Telemann auf dem Zigeunerwagen
CD-KRITIK
16/09/10 Die Verbindungslinie von arabischen Spieltechniken in die europäische Alte Musik ist unbestritten, wird von Interpreten aber auch gerne überstrapaziert. Über die Jahrhunderte war die Chance für (mittel)europäische Musiker unvergleichlich höher, einem reisenden Zigeunerclan zu begegnen als auch nur einem Ur-Urenkelschüler eines arabischen Musikers.Von Reinhard Kriechbaum
Sollte, was die Kultur der Sinti und Roma angeht, ein unendlich weites Feld denkbarer, ja wahrscheinlicher Einflüsse noch so gut wie unbeackert sein? Wäre nicht in der Alten Musik eine "Time of the Gipsies" angesagt?

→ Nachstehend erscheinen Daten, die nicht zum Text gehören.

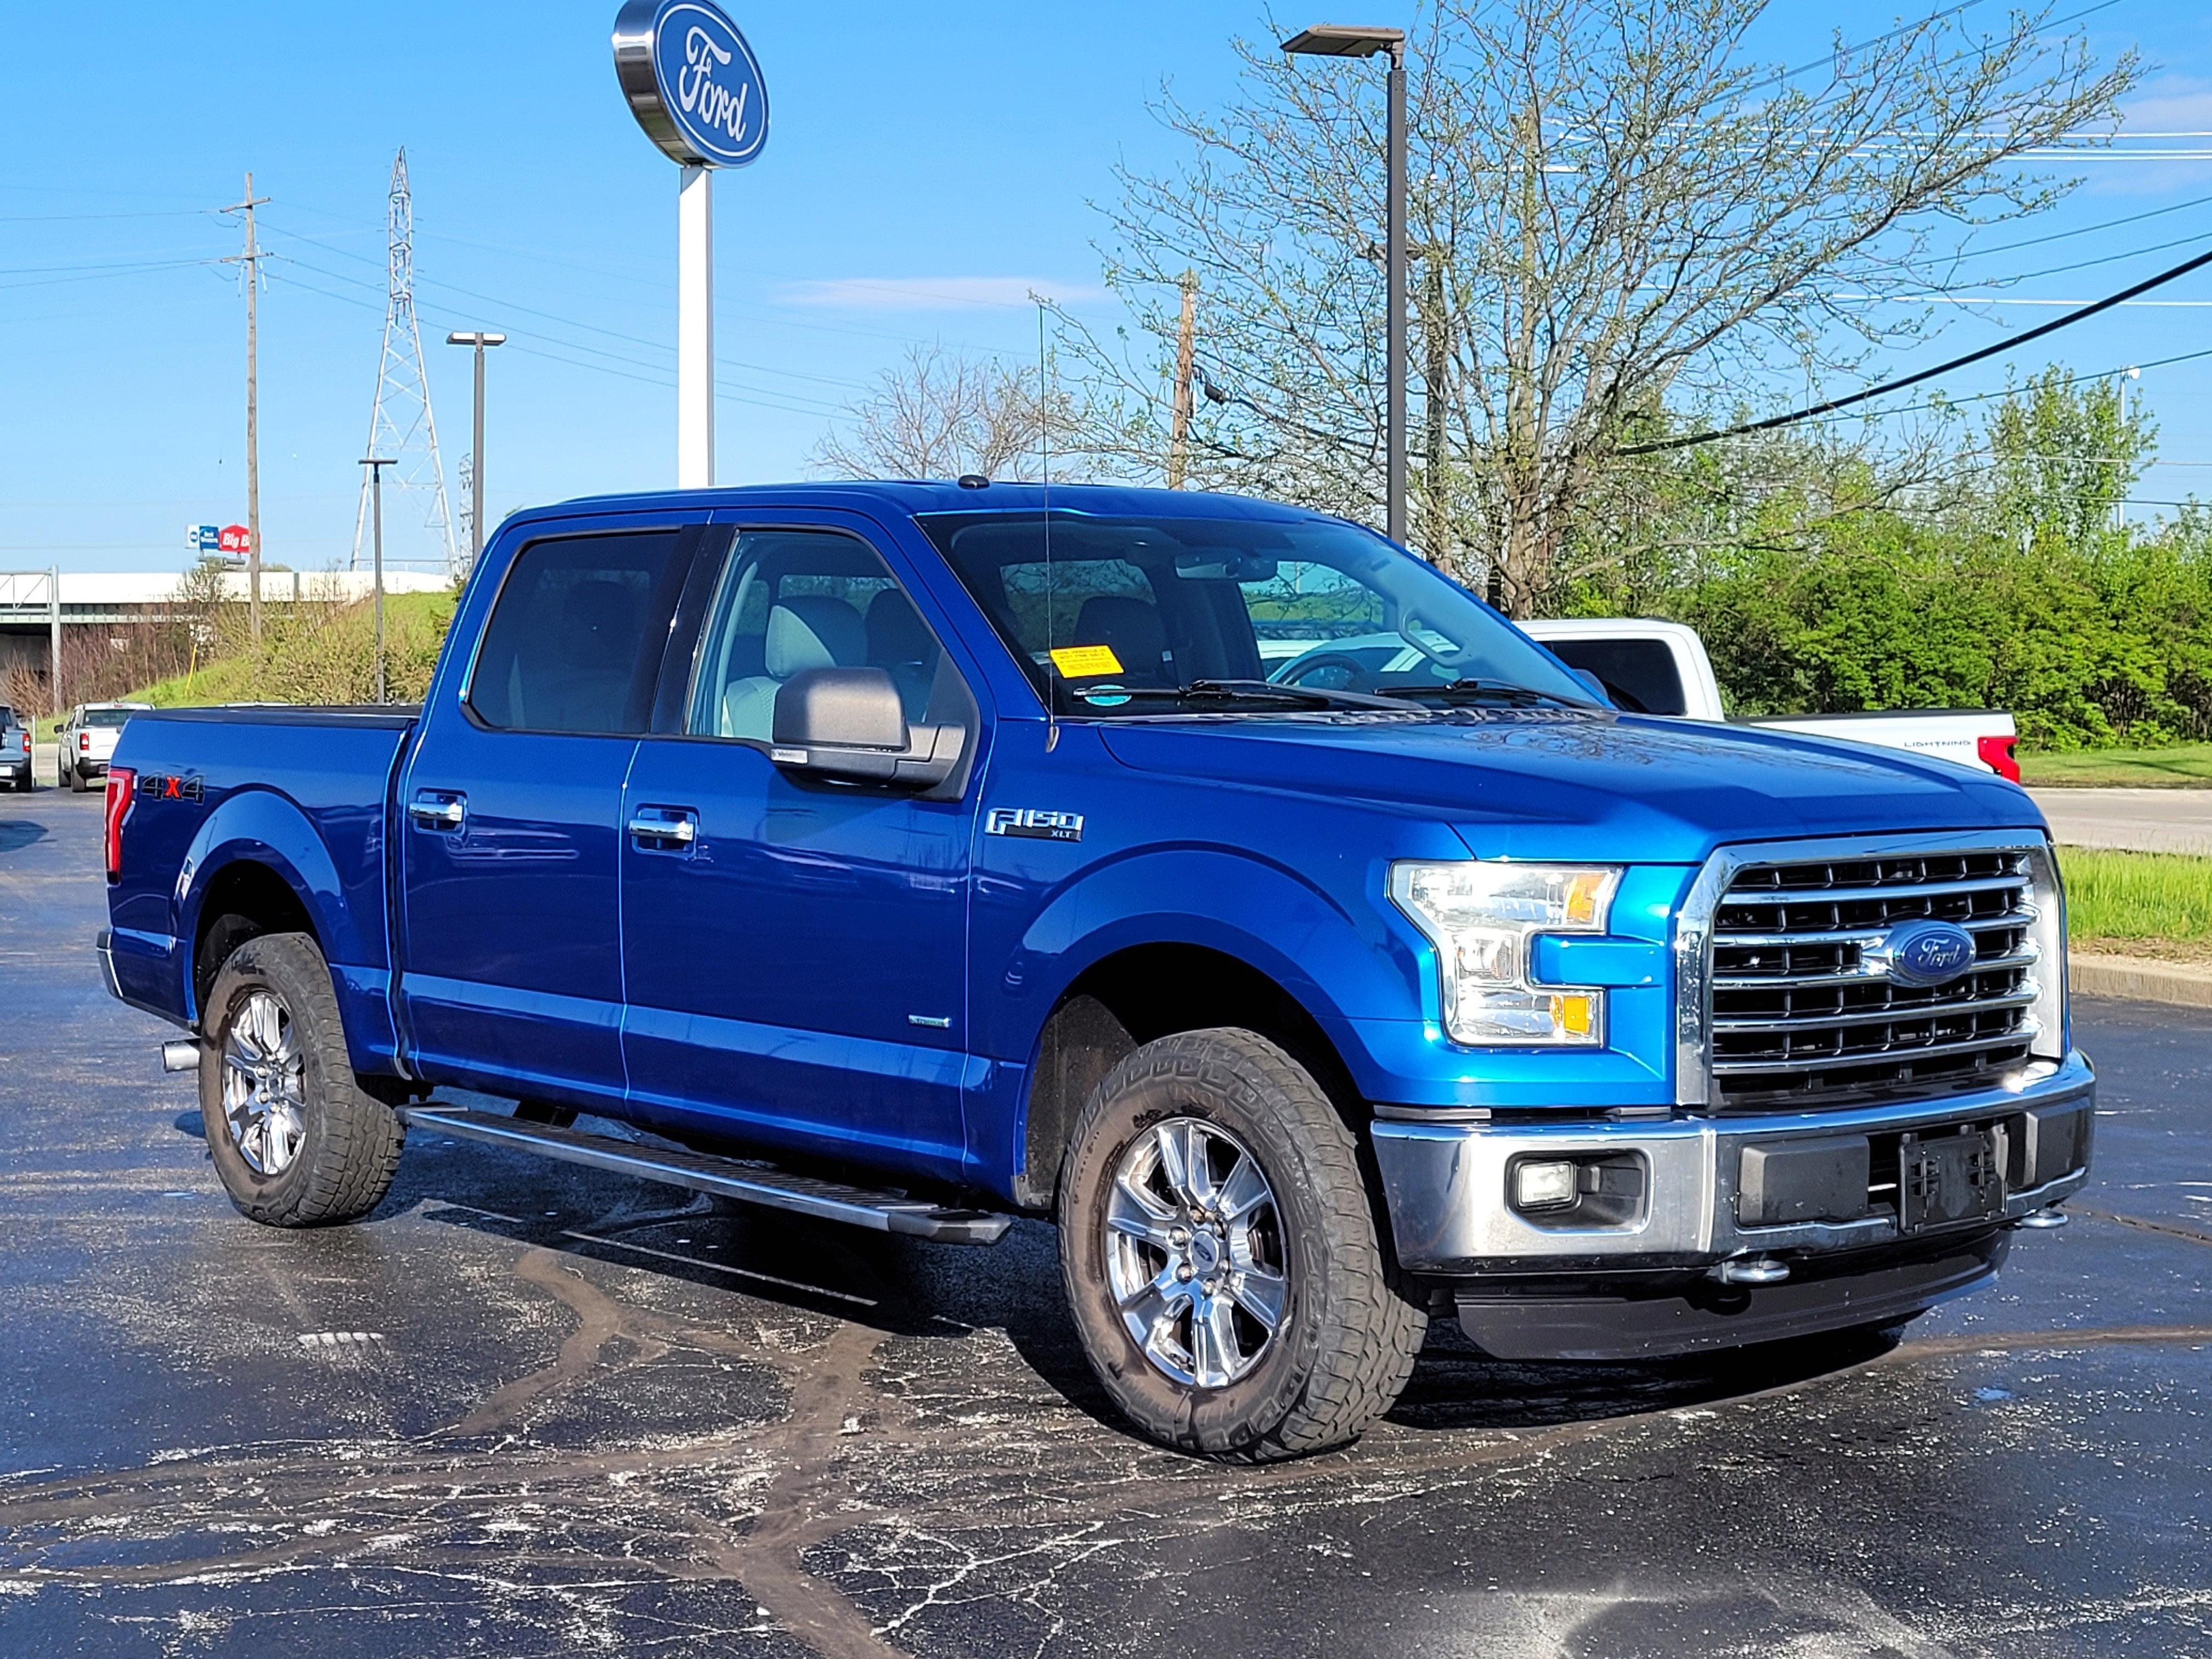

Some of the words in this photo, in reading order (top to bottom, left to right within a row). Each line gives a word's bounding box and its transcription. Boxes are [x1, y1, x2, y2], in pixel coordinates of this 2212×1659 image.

[679, 26, 748, 142] Ford
[222, 532, 240, 549] Big
[1904, 740, 1972, 748] LIGHTNING
[1051, 829, 1071, 838] XLT
[1918, 938, 1961, 968] Ford

Darüber jedenfalls kommt man unwillkürlich ins Nachdenken angesichts dieser CD, die erstaunliche Musik anbietet und nicht minder überraschende Querverbindungen erschließt. Da hat also ein mutiges Grüppchen von Aufführungspraktikern, der Flötist Matthias Maute und sein unterdessen in Kanada ansässiges Ensemble Caprice, zuerst bei Vivaldi nach einschlägigen Einflüssen gesucht (die CD ist 2007 herausgekommen). Nun folgt Telemann, wieder in Verbindung mit Musik, die man aus einer Sammlung von rund 350 Zigeunermelodien aus dem Jahr 1730 destilliert hat. Die Handschrift heißt nach dem Fundort des Konvoluts, Uhrovska in der heutigen Slowakei. Bei Telemann ist ein solches Unterfangen noch viel nahe liegender, denn von ihm gibt es nicht nur eine "Sonate à la gitane", sondern auch Originalzitate, die Zigeunermusik betreffend. Der junge Telemann startete seine Hofkapellmeisterkarriere von Südpolen aus, in Polen und Mähren sind ihm Zigeuner natürlich nicht nur als fliegende Händler und Kesselflicker, sondern auch als Musiker untergekommen.
Ein sehr eigener Sound. Telemanns "Grillensymphonie" hat die eigenwillige Besetzung Piccoloflöte, Traversflöte, Oboe, Chalumeau und zwei Kontrabässe. Da lässt es Matthias Mauthe schon recht handfest rumpeln. Es gibt aber genau so viel Feines: Der langsame Satz aus Telemanns e-Moll-Quartett für Querflöte, Violine, Gambe und Basso continuo enthält melodisches Material, das der Melodie "Mostek mame ustressenj" aus der Uhrovska-Sammlung verblüffend ähnelt. Eine weiteres Zigeunerstück, "Kobassu Nota", wirkt in der Fassung auf alten Instrumenten so täuschend höfisch-barock, dass man mit den Ohren wackelt, wenn das Ensemble Caprice das e-Moll-Konzert für Blockflöte, Querflöte und Streicher gleich drauf mit geradezu folkloristischer Wildheit angeht. Eine Gigue für Solovioline wiederum zeigt im direkten Vergleich, dass auch vom Spielgestus her allerhand Ähnlichkeiten herauszuholen sind.
Das klingt reizvoll fremdartig, lebt natürlich auch vom starken Idiom der Zigeunermusik, das sich Matthias Mauthe und sein Ensemble mit Ambition zu eigen gemacht hat und hinüber rettet in manche improvisierte Überleitungen und Anschlüsse bei den Telemann-Werken. Haydn war jedenfalls nicht der erste, der neugierig seine Zigeuner-Nachbarschaft belauscht hat.